Protein structure prediction method based on secondary structure similarity
Technical Field
The invention relates to the fields of biological informatics, molecular dynamics simulation, statistical learning and combination optimization and computer application, in particular to a protein structure prediction method based on secondary structure similarity.
Background
Since the end of the twentieth century, with the rapid development of the field of life sciences, more and more researchers and research institutes have participated in the research of life sciences. The protein is formed by dehydration and condensation of 20 different amino acids by taking mRNA as a template to form an amino acid sequence, and then is folded to form a three-dimensional structure with a specific function. The secondary structure of a protein refers to a regularly repeating conformation, such as alpha helices and beta sheets, in the polypeptide chain of the protein. The understanding of the three-dimensional structure of the protein is the basis for researching the biological function and activity mechanism of the protein, and the problem of protein structure prediction is one of the research hotspots in the fields of bioinformatics and computer application at present, and has very important guiding significance for the invention of new protein and the design of drug target protein. The three-dimensional structure of proteins is now determined experimentally mainly by methods such as X-ray diffraction and Nuclear Magnetic Resonance (NMR). The X-ray diffraction technique can obtain a protein structure with high precision, but the method is not suitable for the protein which can not prepare resolution crystals. The nuclear magnetic resonance method does not need to prepare protein crystals, but only can measure small proteins with less than 300 amino acids, and is long in time consumption and high in cost.
Since the rate of protein structure determination is much slower than that of sequence determination, in fact, only 0.2% of the protein sequences possess the experimentally determined protein structure, it is a very meaningful work to predict the structure from the protein sequence using computer methods. The Anfinsen experiments show that structural information of the protein is contained in its sequence, thereby indicating that structural prediction is feasible from the sequence. The mainstream protein structure prediction methods at present mainly comprise a homologous modeling method, a threading method and a de novo prediction method. For the case of high sequence identity (> 50%), homology modeling and threading are the first choice, but for the case of low sequence similarity (< 30%), the first two methods are no longer applicable, and only de novo prediction can be selected.
In the process of protein structure de novo prediction, two major bottlenecks exist at present, one is deceptiveness of energy landscape, so that the obtained energy low conformation is not a natural conformation, and is specifically represented as inaccurate energy function, and a good conformation cannot be selected; another is the lack of ability of the prior art to sample conformational space, which is manifested by a lack of diversity in the conformations.

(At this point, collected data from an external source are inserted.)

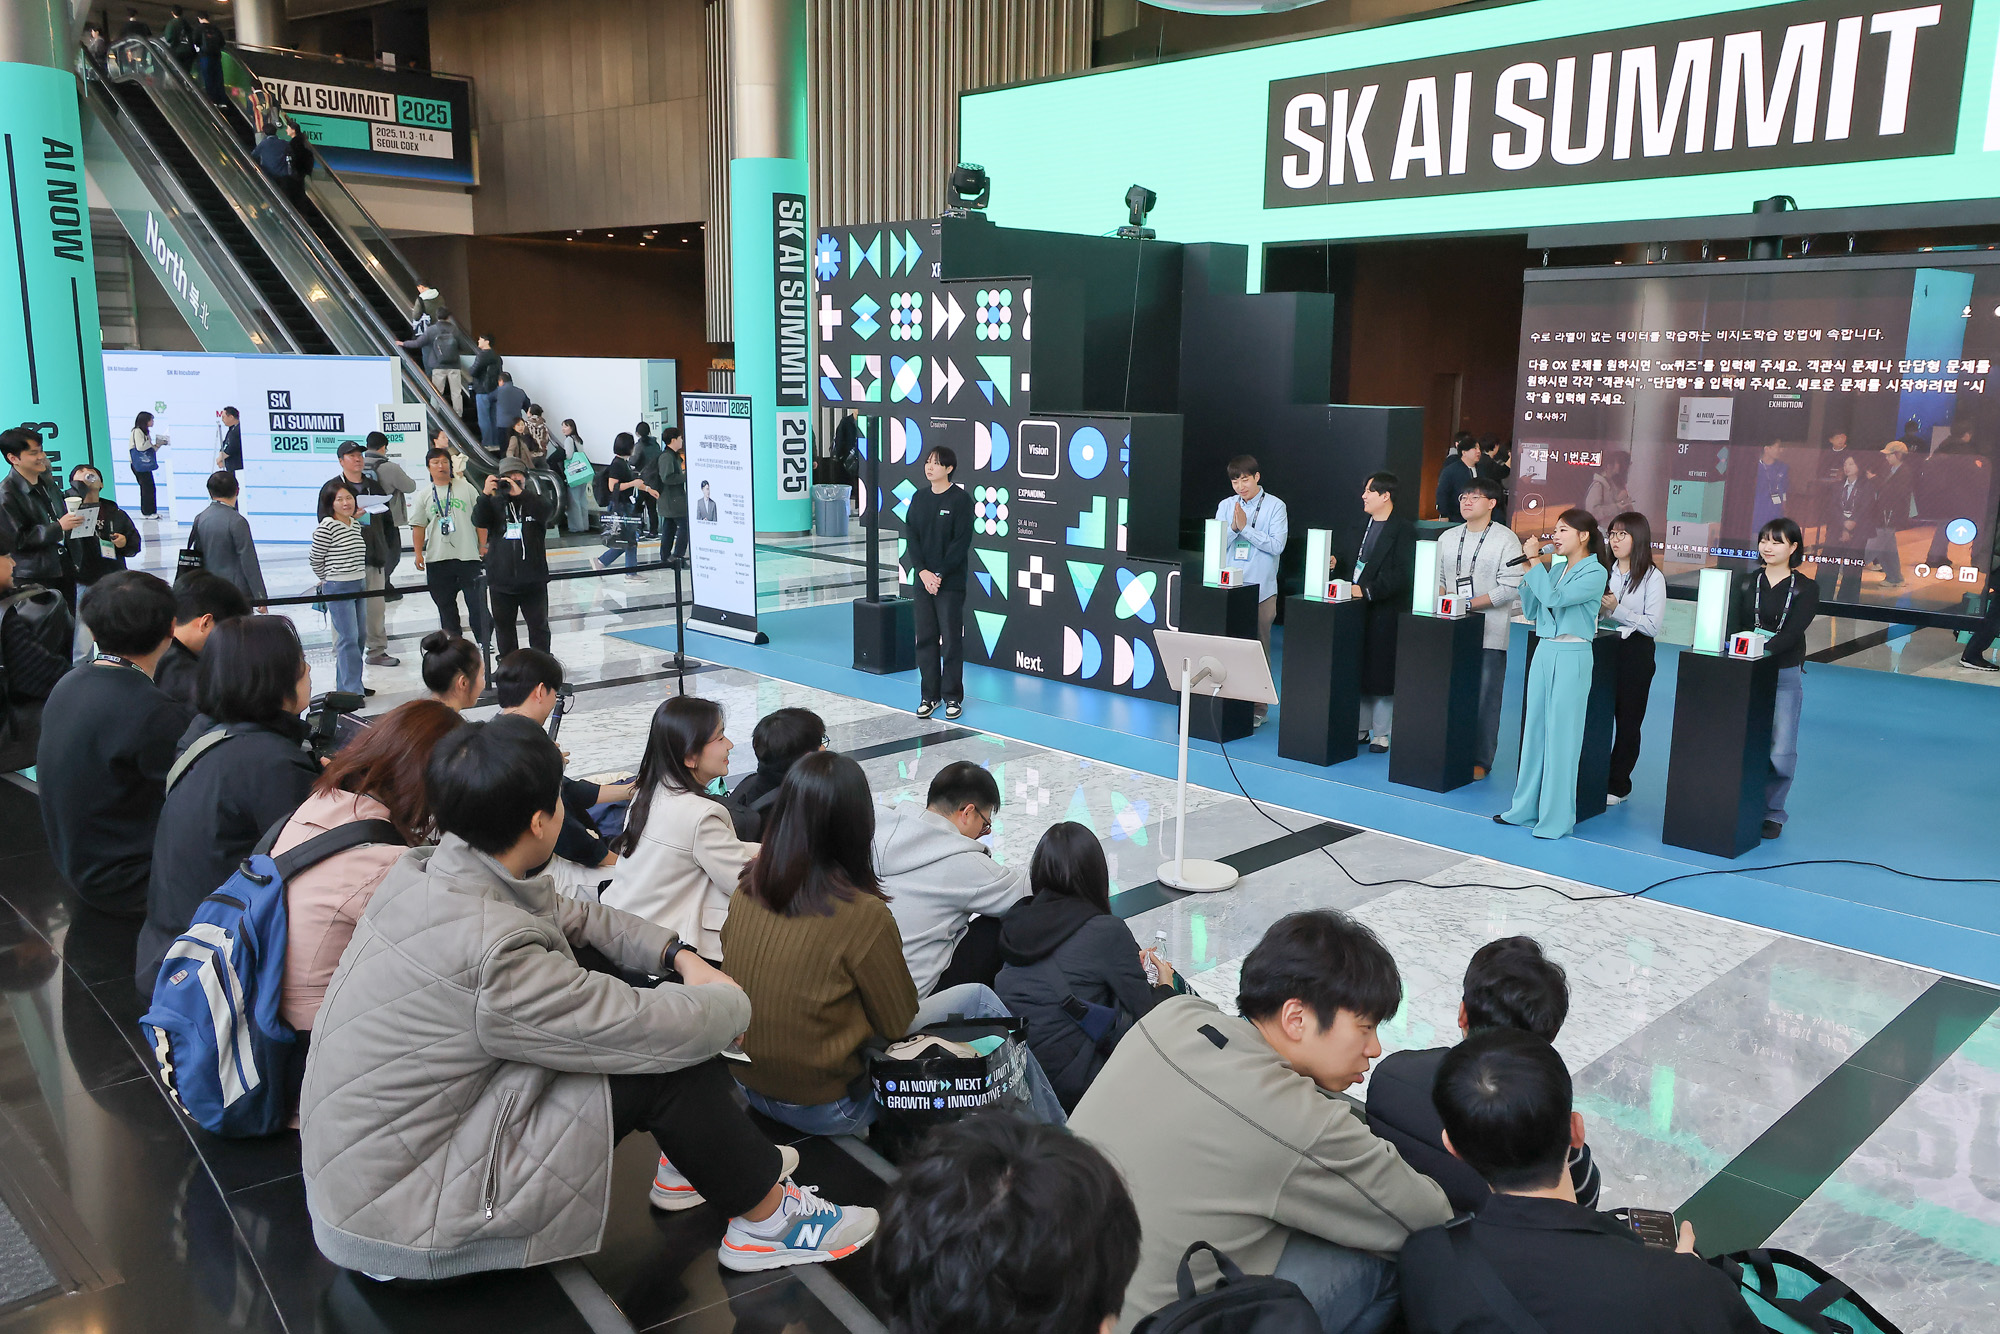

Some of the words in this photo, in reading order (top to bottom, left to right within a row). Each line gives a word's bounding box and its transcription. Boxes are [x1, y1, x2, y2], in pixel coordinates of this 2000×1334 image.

[263, 82, 288, 105] SK
[293, 86, 311, 107] AI
[315, 88, 390, 117] SUMMIT
[1281, 84, 1380, 190] SK
[1389, 72, 1474, 181] AI
[1491, 5, 1942, 171] SUMMIT
[402, 100, 447, 125] 2025
[376, 127, 398, 138] 2025.
[376, 139, 399, 149] SEOUL
[400, 141, 419, 151] COEX
[42, 136, 76, 172] AI
[47, 178, 85, 263] NOW
[778, 200, 804, 239] SK
[145, 210, 188, 300] North
[779, 245, 804, 273] AI
[189, 281, 200, 317] 북
[780, 280, 807, 399] SUMMIT
[1530, 332, 1551, 343] 수로
[1591, 331, 1612, 343] 없는
[1616, 331, 1661, 342] 데이터를
[1665, 330, 1712, 342] 학습하는
[1717, 329, 1778, 342] 비지도학습
[1783, 329, 1821, 341] 방법에
[1826, 328, 1885, 341] 속합니다.
[1528, 359, 1548, 371] 다음
[1552, 360, 1567, 371] OX
[1571, 359, 1602, 372] 문제를
[1606, 359, 1651, 372] 원하시면
[1719, 359, 1756, 372] 입력해
[1760, 359, 1802, 373] 주세요.
[1806, 360, 1847, 373] 객관식
[1851, 360, 1893, 373] 문제나
[1898, 360, 1941, 374] 단답형
[1946, 360, 1991, 374] 문제를
[1527, 375, 1569, 387] 원하시면
[1572, 376, 1594, 388] 각각
[1709, 377, 1746, 390] 입력해
[1750, 377, 1792, 391] 주세요.
[1796, 378, 1835, 391] 새로운
[1840, 378, 1881, 392] 문제를
[1886, 379, 1958, 393] 시작하려면
[270, 393, 288, 408] SK
[1555, 392, 1586, 404] 입력해
[1589, 393, 1626, 405] 주세요.
[1768, 400, 1804, 409] EXHIBITION
[685, 400, 693, 411] SK
[695, 401, 700, 412] AI
[701, 401, 727, 413] SUMMIT
[731, 402, 749, 414] 2025
[273, 415, 286, 429] AI
[288, 415, 341, 430] SUMMIT
[1536, 412, 1568, 422] 복사하기
[393, 423, 419, 431] SUMMIT
[274, 436, 308, 451] 2025
[386, 434, 404, 442] 2025
[782, 419, 807, 493] 2025
[1029, 444, 1049, 456] Vision
[1678, 444, 1689, 454] 3F
[1529, 450, 1559, 462] 객관식
[1563, 451, 1601, 464] 1번문제
[1018, 488, 1046, 499] EXPANDING
[1673, 485, 1682, 495] 2F
[1672, 526, 1681, 536] 1F
[1744, 549, 1760, 558] 개인
[1016, 650, 1044, 673] Next.
[900, 1080, 909, 1092] AI
[911, 1080, 937, 1092] NOW
[955, 1078, 982, 1091] NEXT
[887, 1097, 930, 1109] GROWTH
[948, 1085, 1001, 1109] INNOVATIVE
[794, 1224, 823, 1247] N

Therefore, the current protein structure prediction method has defects in prediction accuracy and sampling capability, and needs to be improved.
Disclosure of Invention
In order to overcome the defects of insufficient sampling capability and prediction accuracy of the conventional protein structure prediction method, the invention provides a group protein structure prediction method based on secondary structure similarity, which has better sampling capability and higher prediction accuracy, designs a secondary structure similarity index, selects individuals with better energy and structure through the double constraints of the secondary structure similarity index and an energy function, and effectively solves the problem of low protein structure prediction accuracy caused by inaccuracy of the energy function.

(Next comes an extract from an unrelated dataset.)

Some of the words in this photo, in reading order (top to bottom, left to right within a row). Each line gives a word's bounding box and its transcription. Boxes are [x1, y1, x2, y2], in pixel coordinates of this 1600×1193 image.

The technical scheme adopted by the invention for solving the technical problems is as follows:
a method for predicting protein structure based on secondary structure similarity, the method comprising the steps of: 1) setting parameters, and the process is as follows:
reading sequence information of a target protein, fragment library information, and an energy function, and setting population position { x } of a protein conformation1,x2,...,xi,...,xNPWhere NP is the population size, xiRepresenting the ith individual of the population, with Gen iteration number and G maximum iteration numbermaxCross probability p1Probability of variation p2The sequence length is L;
2) calculating the similarity of the secondary structure by the following process:
for a protein x of sequence length L
iThe secondary structure of the prediction obtained by the PSIPRED online server is
k∈[1,L]The secondary structure of the conformation obtained by the Dssp algorithm is
k∈[1,L]According to the formula
Calculating to obtain the secondary structure similarity of the conformation, recording the score as 1 when the secondary structures of the k-th position and the k-th position are the same, otherwise, recording the score as 0, traversing the whole sequence length to obtain the final score, and dividing the final score by the sequence length to obtain the similarity SS of the secondary structurei;
3) Population initialization, the process is as follows:
performing fragment assembly on individuals of the population until residue positions of all positions are replaced once, and finishing initialization operation;
4) population crossing, the process is as follows:
4.1) pairing NP individuals pairwise to form NP/2 pairs, and numbering the NP/2 pairs1,a2,...,aj,...,aNP2,j∈[1,NP/2];
4.2) randomly selecting one of the groups ajAccording to the probability p1Judging whether to carry out crossing, if so, randomly selecting a certain position of the individual, and setting the random crossing length as crosslength E [3,10 ]]Exchanging fragments of the two individuals to obtain two new individuals;
5) population variation, the process is as follows:
5.1) for individual xi,i∈[1,NP]Using the probability of variation p2Fragment assembly is carried out if random (0,1) > p2Then a fragment assembly of 3 fragments is performed, if random (0,1) < p2Then, segment assembly of 9 segments is carried out, and the individual x is obtained after segment assemblyi′;
5.2) Using energy function to group Individual x before and after AssemblyiAnd xi' separately calculating energy to obtain EiAnd Ei', if Ei′<EiThen the individual x is retainedi'; if Ei′>EiThen, according to Boltzmann probability p ═ exp { - (E)i′-Ei) KT }, to judge whether to receive the assembled individual, if random (0,1) < p, then keep the individual xi'; otherwise, individual x is retainedi;
6) And (3) selecting the population by using the secondary structure similarity, wherein the process is as follows:
firstly, merging an initial population and a varied population into a new population with the population size of 2 × NP, then calculating the secondary structure similarity of individuals of the new population, sequencing the merged population according to the level of the secondary structure similarity, selecting the individuals with high primary NP secondary structure similarity as the selected population individuals, and finally setting Gen + 1;
7) judging whether the maximum iteration number G is reachedmaxIf the conditions are met, stopping iteration and outputting the last generation populationVolume information, otherwise, returning to the step 4).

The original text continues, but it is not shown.